Everything from the line containing "Some of the words" to the end of the material, both ends included, should be repeated exactly; please give only those lines.

▶ **SOURCE INFORMATION**:
====================
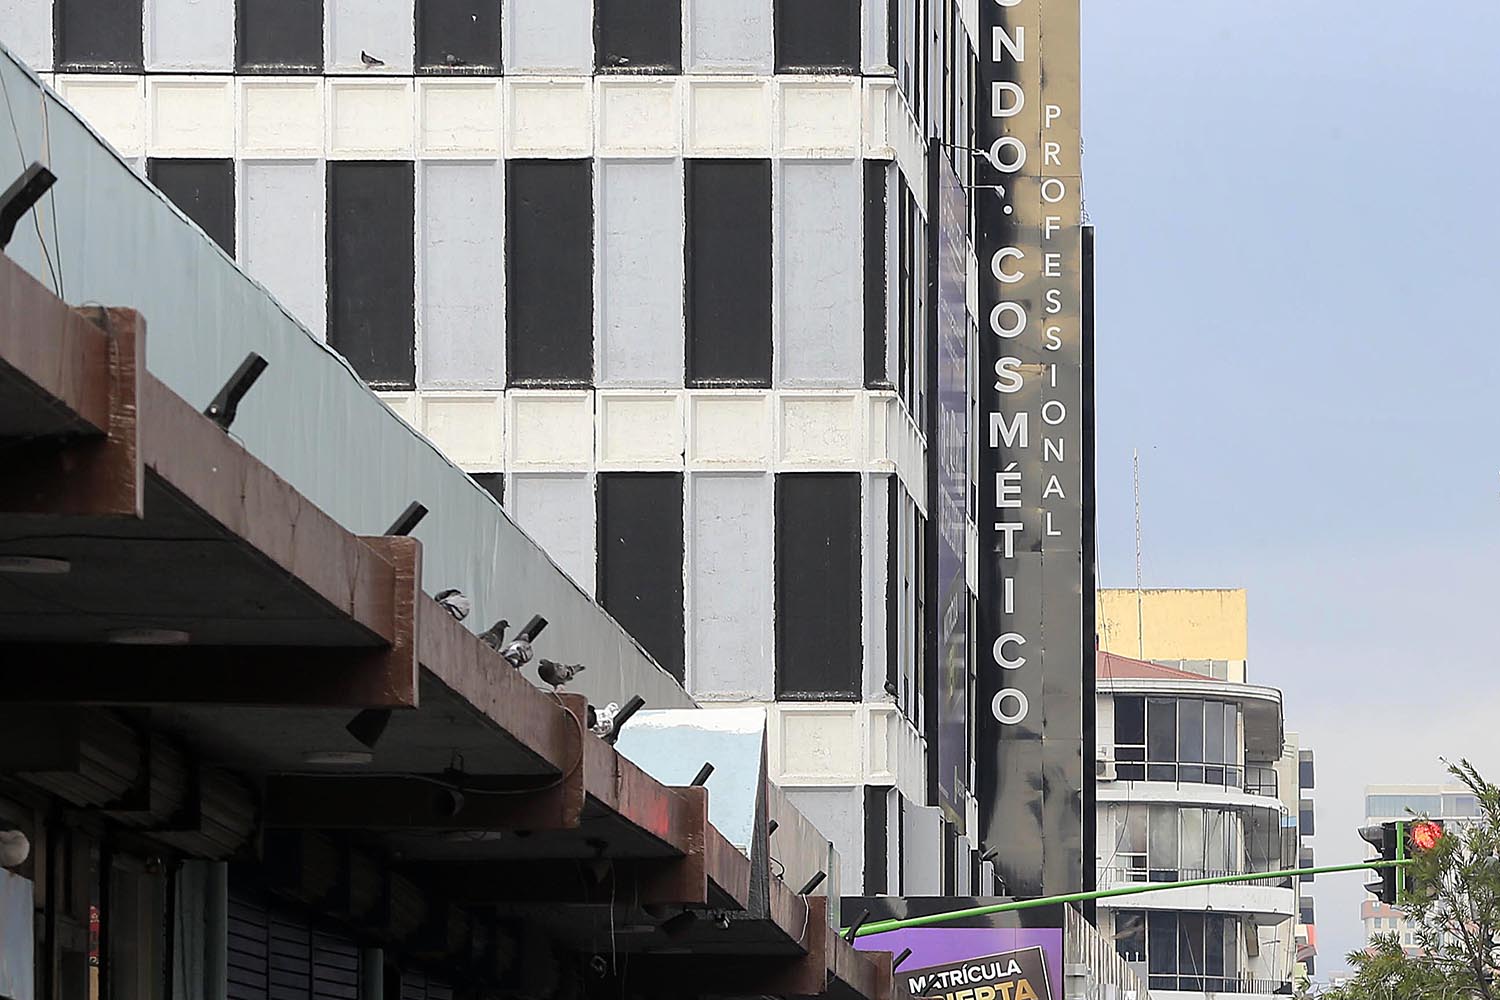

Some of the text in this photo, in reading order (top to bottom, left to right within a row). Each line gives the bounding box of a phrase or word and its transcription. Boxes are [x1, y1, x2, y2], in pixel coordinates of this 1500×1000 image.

[990, 0, 1026, 174] NDO
[1042, 104, 1067, 537] PROFESSIONAL
[989, 246, 1029, 726] COSMÉTICO
[908, 958, 1023, 994] MATRÍCULA
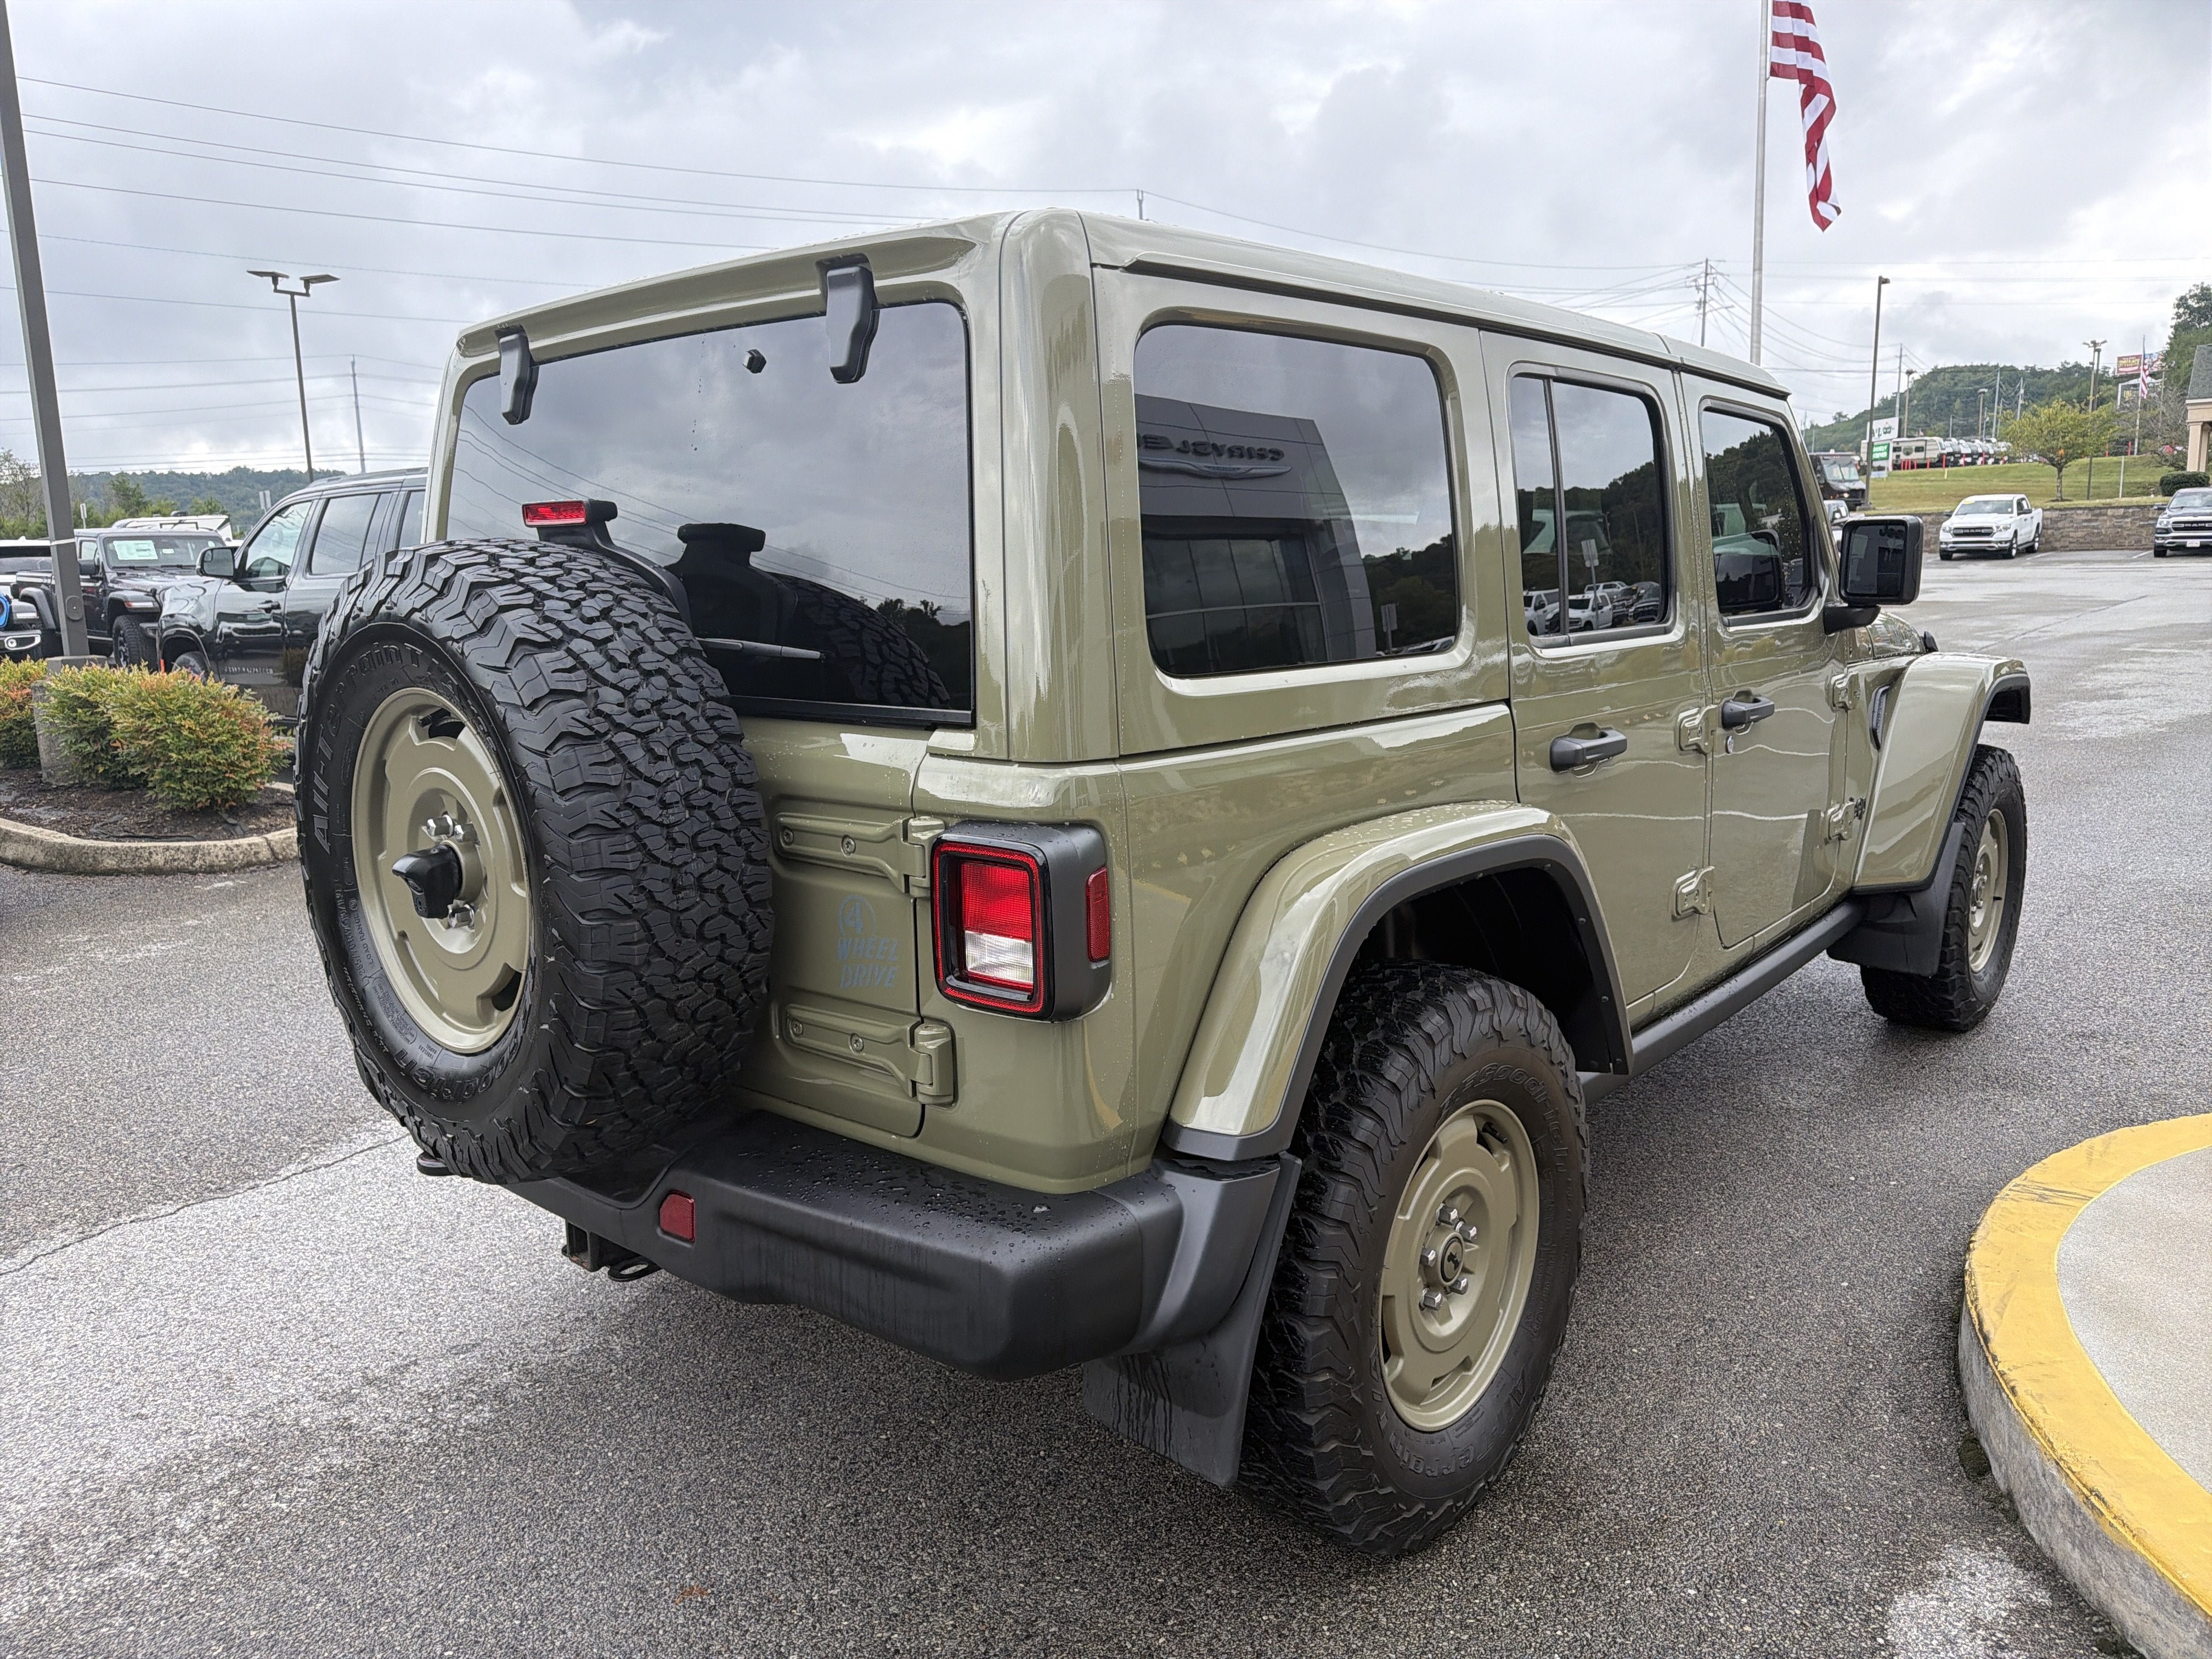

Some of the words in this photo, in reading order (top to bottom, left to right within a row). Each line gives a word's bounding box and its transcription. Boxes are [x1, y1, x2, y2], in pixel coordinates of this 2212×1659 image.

[845, 902, 863, 934] 4
[837, 936, 899, 961] WHEEL
[839, 964, 898, 989] DRIVE
====================
▶ **RESPONSE TO THIS TASK**:
Some of the words in this photo, in reading order (top to bottom, left to right within a row). Each line gives a word's bounding box and its transcription. Boxes are [x1, y1, x2, y2], in pixel coordinates of this 2212×1659 image.

[845, 902, 863, 934] 4
[837, 936, 899, 961] WHEEL
[839, 964, 898, 989] DRIVE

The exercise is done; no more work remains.